Cette question était relative à l’ETIR (l’Escadon de transport et d’intervention rapide) et à la FIMATS (la Force d’intervention du ministère de l’Administration territoriale et de la Sécurité). Et selon Gilbert Diendéré, il se disait que ces deux camps avaient pour objectif d’attaquer le CNEC (le Centre national d’entraînement commando) afin de pouvoir atteindre le capitaine Blaise Compaoré. « Il se disait aussi que ces camps ont été créés pour contrer le CNEC, car on dit que le CNEC est acquis à la cause de Blaise », ajoute-t-il.

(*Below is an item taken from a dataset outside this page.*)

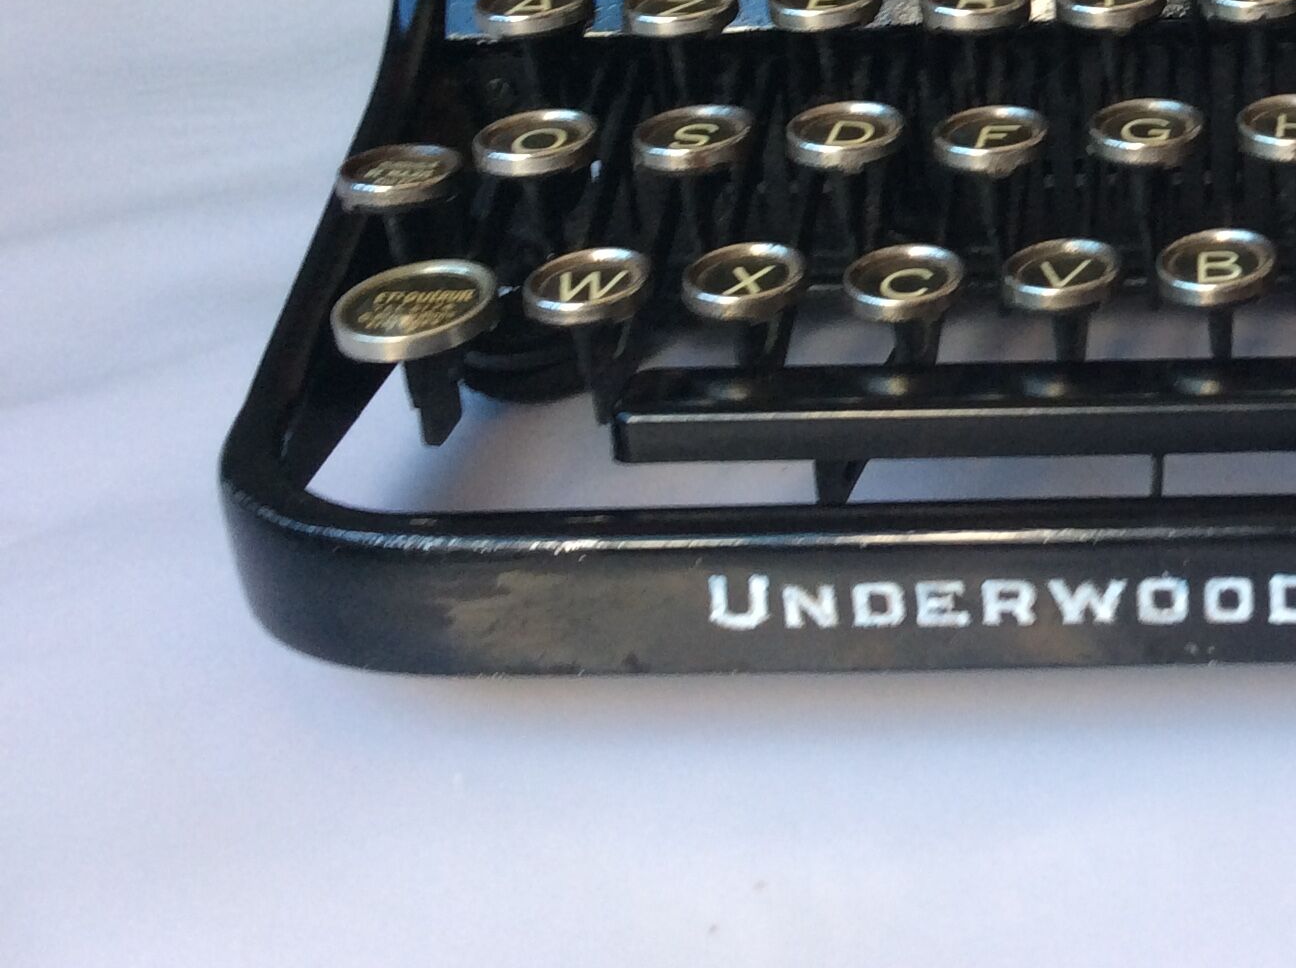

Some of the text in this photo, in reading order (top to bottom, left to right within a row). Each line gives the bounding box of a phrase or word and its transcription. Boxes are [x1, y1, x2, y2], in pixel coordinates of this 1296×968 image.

Plusieurs avocats de la partie civile ont fait remarquer que le général Diendéré n’a vu et ne s’est adressé le jour des faits qu’à des témoins qui sont morts.
« Arzouma Ouédraogo dit Otis est mort sur la route de Gaoua. Il a tenté de s’enfuir. Il a donc été abattu sur la route par les soldats qui l’escortaient pour la prison. Nabié Nsoni, Hamadou, Pathé Maïga et Karim Tapsoba (Ndlr; celui qui est venu enlever les corps de Thomas Sankara et de ses compagnons pour aller les enterrer) sont morts de maladie, Gaspard Somé est mort accidentellement sur la route de Djibo. Jean-Baptiste Lingani est mort suite aux événements de 1989 où il avait tenté de perpétrer un coup d’État contre Blaise », a expliqué celui-là même que l’on considère comme la « boîte noire » des événements du 15 octobre 1987. Et selon lui, ce n’est pas de sa faute s’ils sont morts. « Diéndéré n’est pas Dieu pour décider qui va mourir. S’il y a des morts, ce n’est pas le fait du général Diendéré », appuie Me Paul Kéré de la défense.
« Je m'attendais à un général-président qui s'assume, qui nous dit clairement les choses. Mais non, ce n'est pas le cas », fait remarquer Me Ferdinand Nzepa. « Maître, vous êtes venu avec une idée arrêtée. Si vous vous attendiez à ce que Gilbert Diendéré assume ce qu'il n'a pas fait, c'est non. Même si ce sont mes hommes qui ont commis cet acte d'indiscipline, je ne vais pas l'assumer parce que je suis général. Ils n'ont reçu l'ordre de personne », répond le général Gilbert Diendéré. Il poursuit : « Si vous vous attendiez à ce que je dise que c'est Blaise Compaoré qui m'a donné l'ordre de faire ça ou ça, je dis non non et non, deux points à la ligne ».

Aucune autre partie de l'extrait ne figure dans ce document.